### Brief
Reproduce the records word for word, apart from the images they contain.

____________________

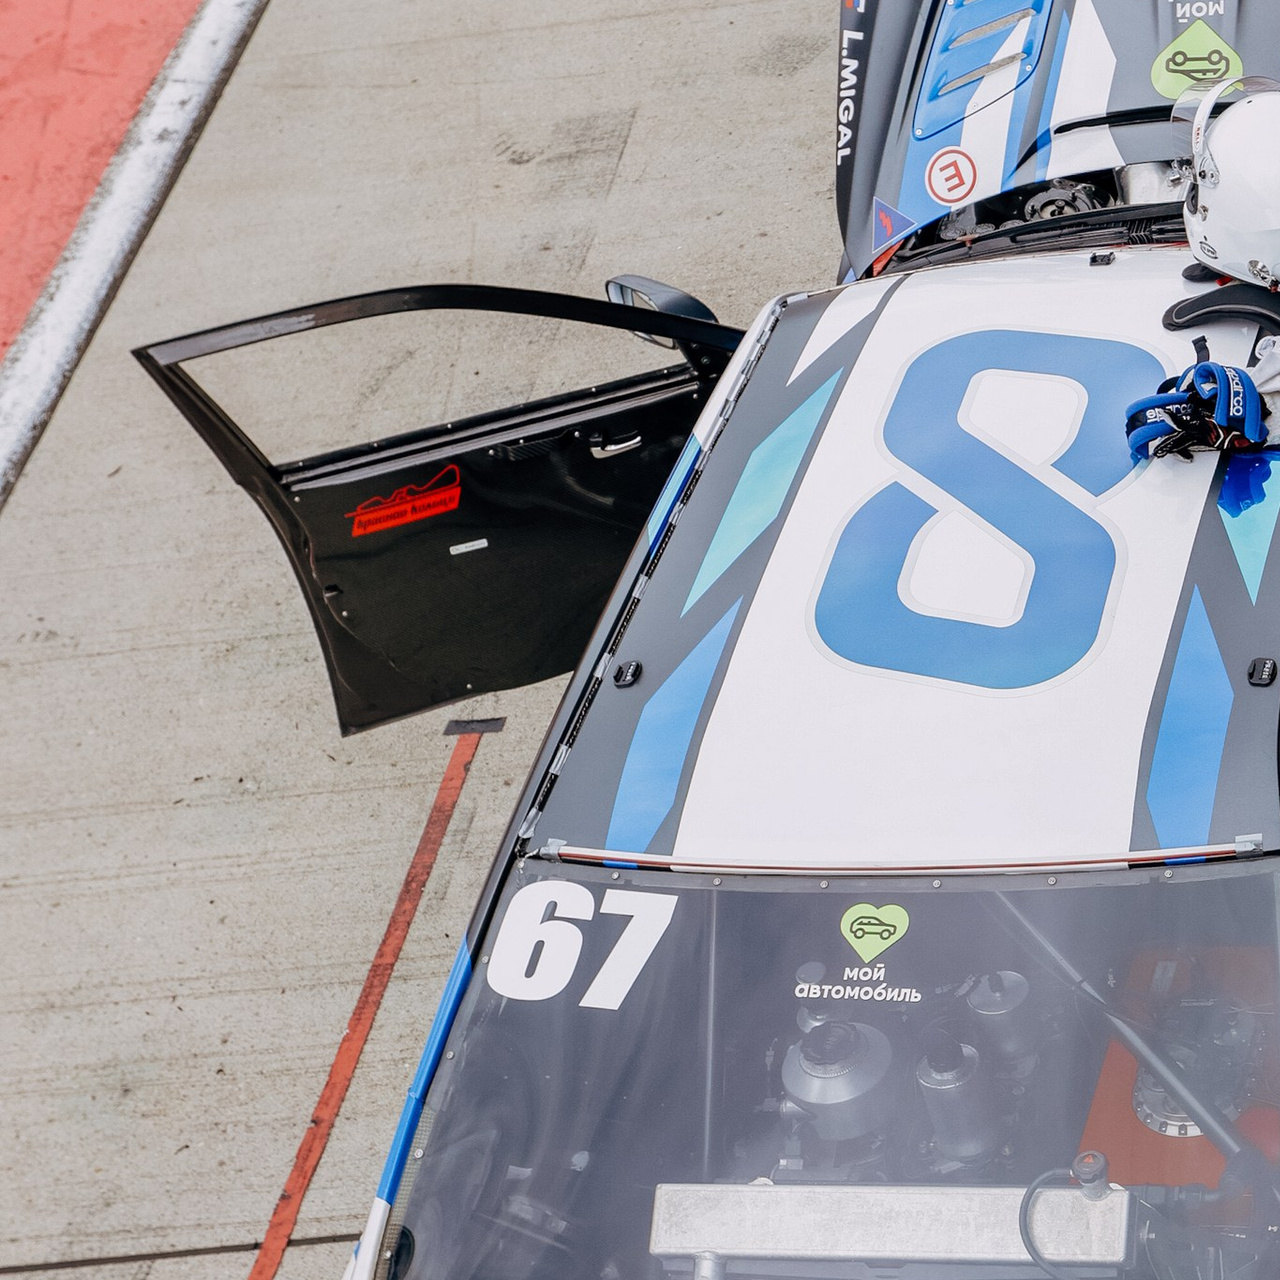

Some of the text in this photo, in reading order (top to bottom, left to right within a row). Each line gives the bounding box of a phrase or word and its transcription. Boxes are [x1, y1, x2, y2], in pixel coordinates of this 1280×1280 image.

[837, 29, 864, 166] L.MIGAL
[1225, 366, 1244, 417] sparco
[814, 329, 1169, 689] 8
[485, 879, 679, 1011] 67
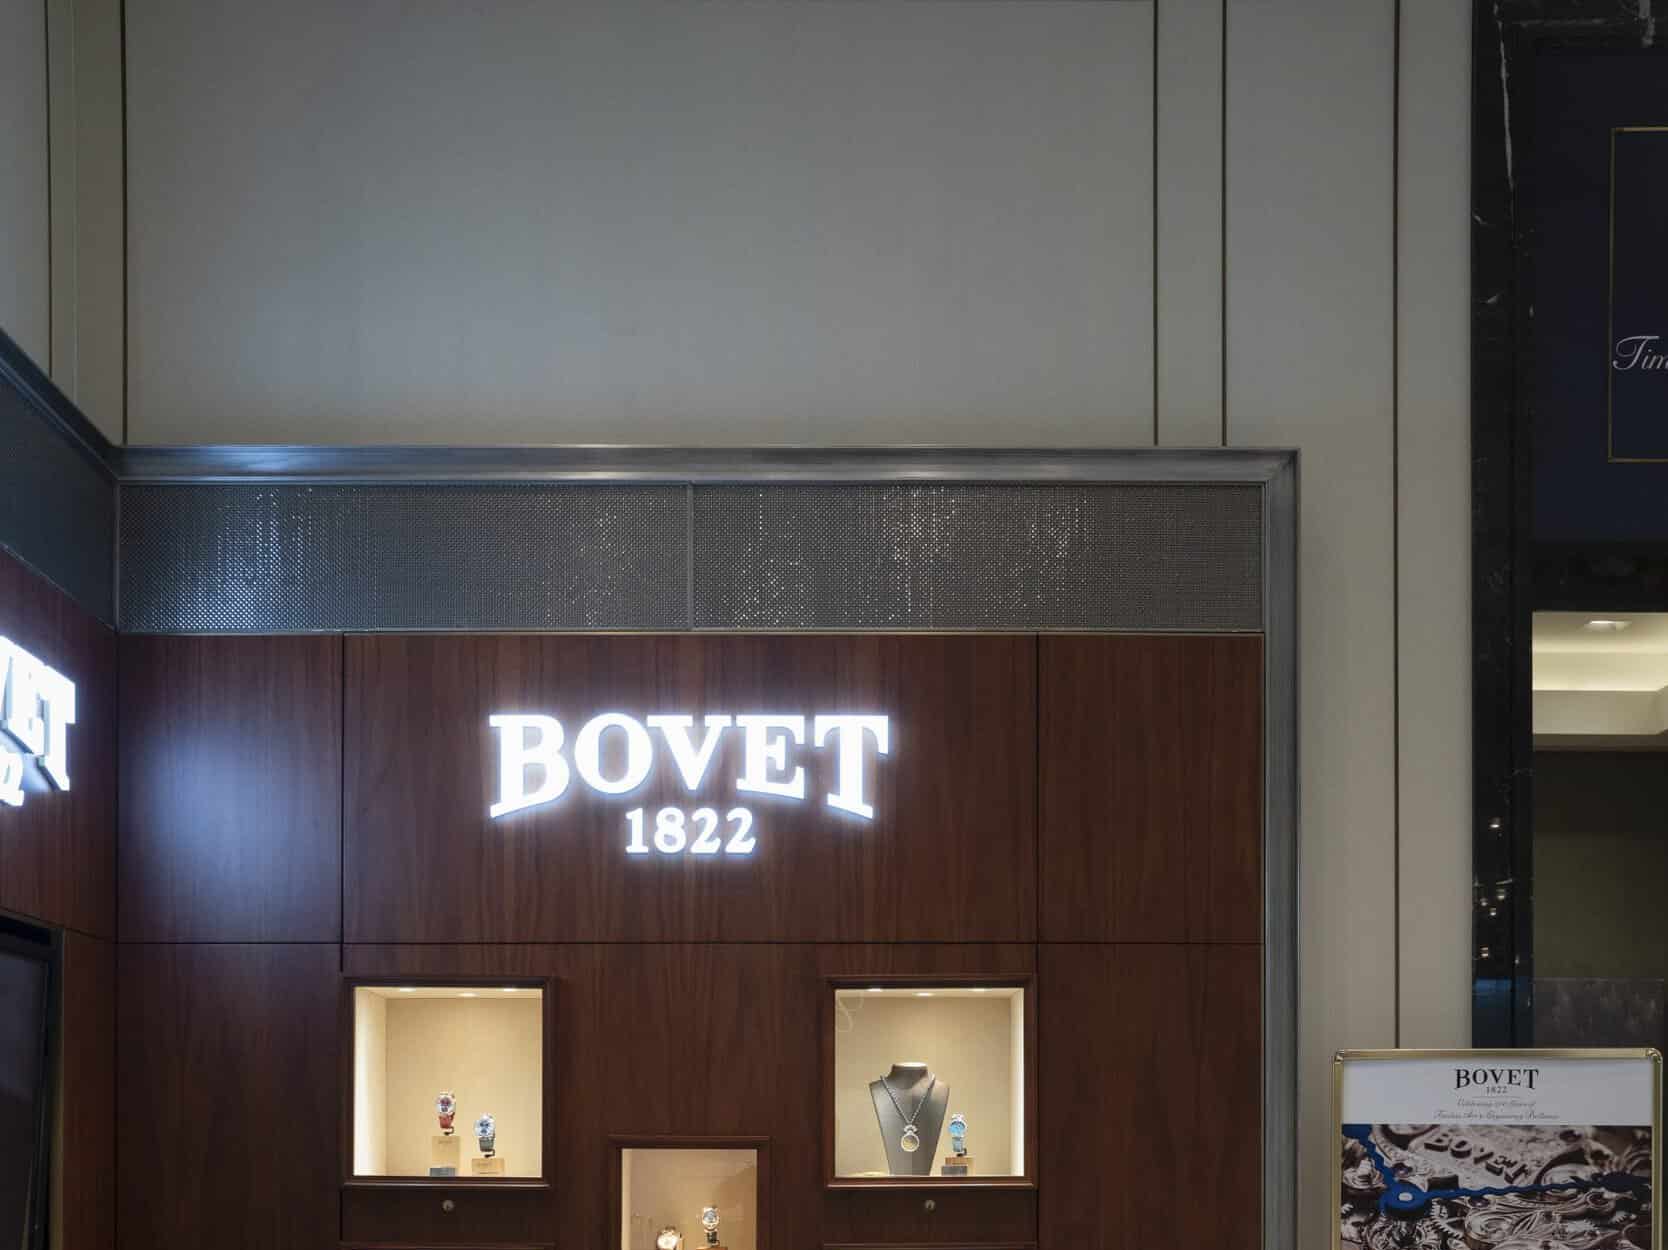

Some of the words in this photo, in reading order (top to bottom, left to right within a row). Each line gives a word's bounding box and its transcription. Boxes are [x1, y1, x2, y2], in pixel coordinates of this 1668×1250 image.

[489, 712, 889, 820] BOVET
[625, 806, 757, 854] 1822
[1454, 1068, 1540, 1090] BOVET
[1425, 1129, 1532, 1184] BOVET
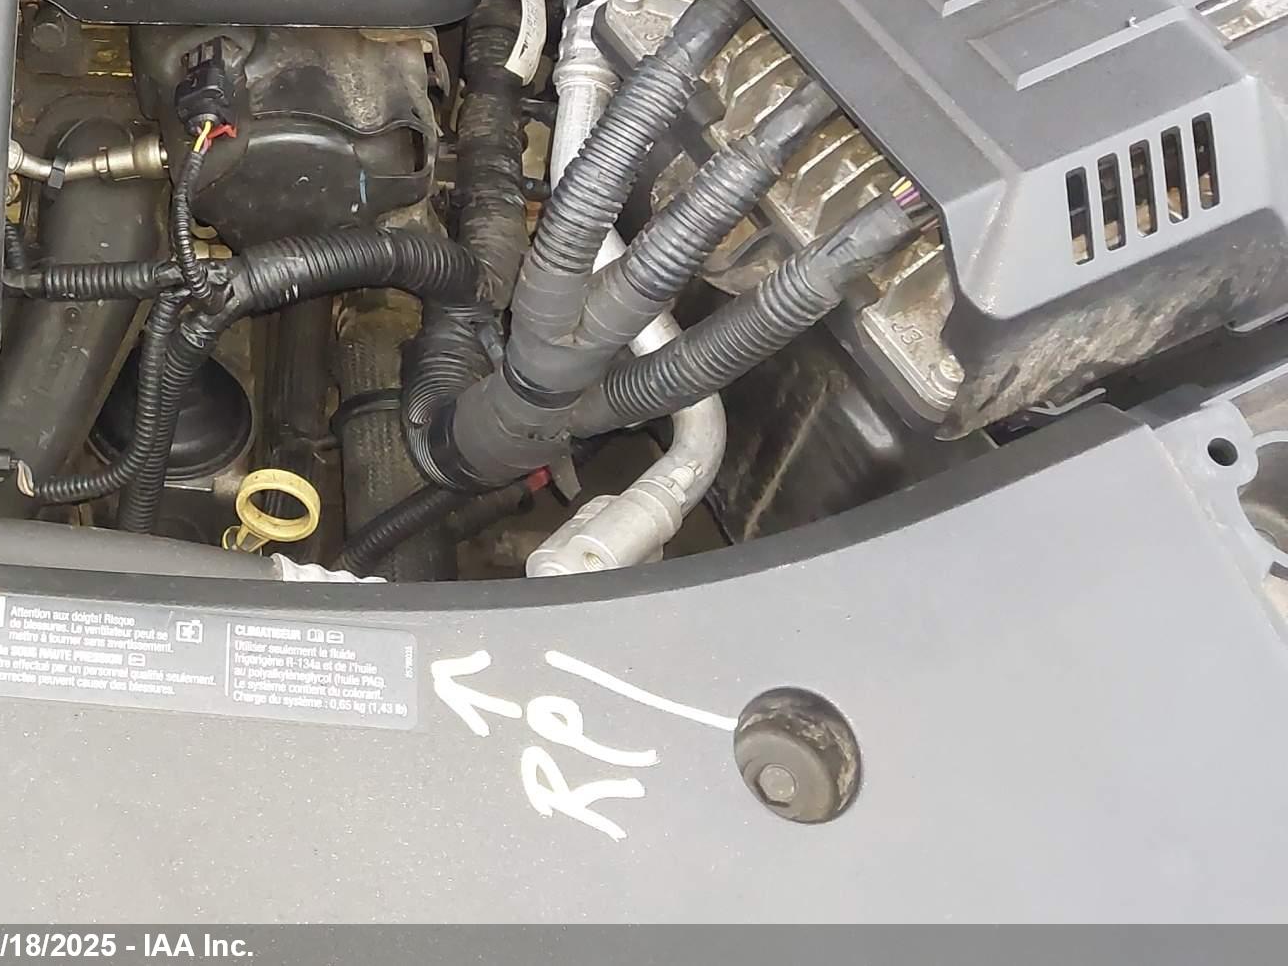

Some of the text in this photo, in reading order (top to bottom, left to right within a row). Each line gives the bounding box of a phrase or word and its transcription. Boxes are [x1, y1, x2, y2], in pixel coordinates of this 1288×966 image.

[11, 607, 50, 619] Attention
[52, 611, 68, 620] aux
[104, 614, 134, 627] Risque
[9, 618, 20, 628] de
[71, 623, 81, 633] Le
[134, 628, 154, 641] peut
[156, 631, 167, 640] se
[51, 663, 67, 674] par
[69, 665, 80, 674] un
[234, 668, 245, 676] au
[286, 657, 320, 669] R-134a
[322, 661, 332, 670] et
[334, 661, 346, 672] de
[76, 678, 107, 689] causer
[234, 678, 245, 688] Le
[327, 686, 340, 696] du
[233, 690, 265, 705] Charge
[268, 693, 280, 704] du
[329, 699, 351, 711] 0,65
[353, 700, 365, 713] kg
[368, 701, 391, 715] (1,43
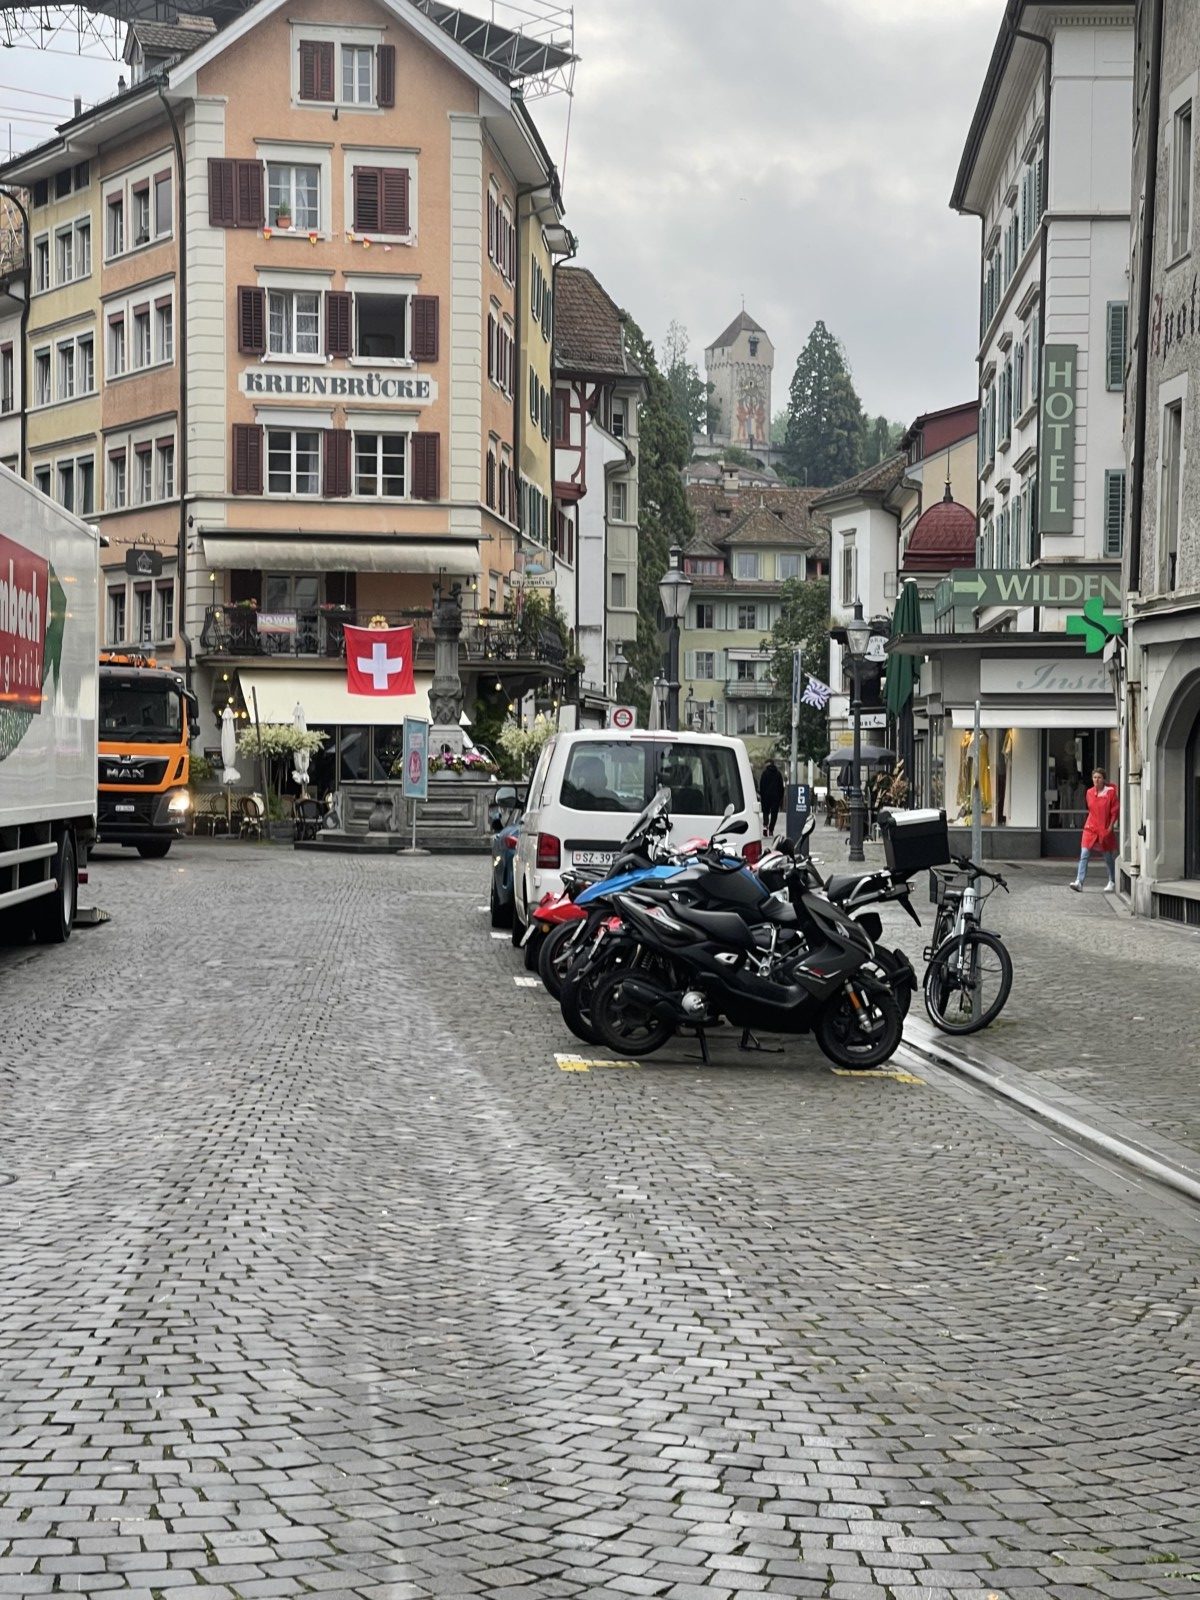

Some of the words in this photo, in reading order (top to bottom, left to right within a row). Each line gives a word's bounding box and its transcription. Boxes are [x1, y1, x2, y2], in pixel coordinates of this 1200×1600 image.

____________________

### Response to the task
Some of the text in this photo, in reading order (top to bottom, left to right within a row). Each line gives the bounding box of a phrase or word and its transcription. Boxes are [x1, y1, x2, y2], in pixel coordinates of this 1280×1280 image.

[837, 29, 864, 166] L.MIGAL
[1225, 366, 1244, 417] sparco
[814, 329, 1169, 689] 8
[485, 879, 679, 1011] 67

Some of the words in this photo, in reading order (top to bottom, left to right within a row). Each line gives a word's bounding box and its transcription. Boxes are [x1, y1, x2, y2], in pixel coordinates of this 1668×1250 image.

[489, 712, 889, 820] BOVET
[625, 806, 757, 854] 1822
[1454, 1068, 1540, 1090] BOVET
[1425, 1129, 1532, 1184] BOVET

Some of the text in this photo, in reading order (top to bottom, left to right within a row). Each line gives the bounding box of a phrase or word and its transcription. Boxes are [x1, y1, x2, y2], in pixel coordinates of this 1288×966 image.

[11, 607, 50, 619] Attention
[52, 611, 68, 620] aux
[104, 614, 134, 627] Risque
[9, 618, 20, 628] de
[71, 623, 81, 633] Le
[134, 628, 154, 641] peut
[156, 631, 167, 640] se
[51, 663, 67, 674] par
[69, 665, 80, 674] un
[234, 668, 245, 676] au
[286, 657, 320, 669] R-134a
[322, 661, 332, 670] et
[334, 661, 346, 672] de
[76, 678, 107, 689] causer
[234, 678, 245, 688] Le
[327, 686, 340, 696] du
[233, 690, 265, 705] Charge
[268, 693, 280, 704] du
[329, 699, 351, 711] 0,65
[353, 700, 365, 713] kg
[368, 701, 391, 715] (1,43

Some of the words in this photo, in reading order (top to bottom, left to right within a row). Each line gives a word's bounding box and its transcription. Boxes are [x1, y1, x2, y2], in pixel coordinates of this 1200×1600 image.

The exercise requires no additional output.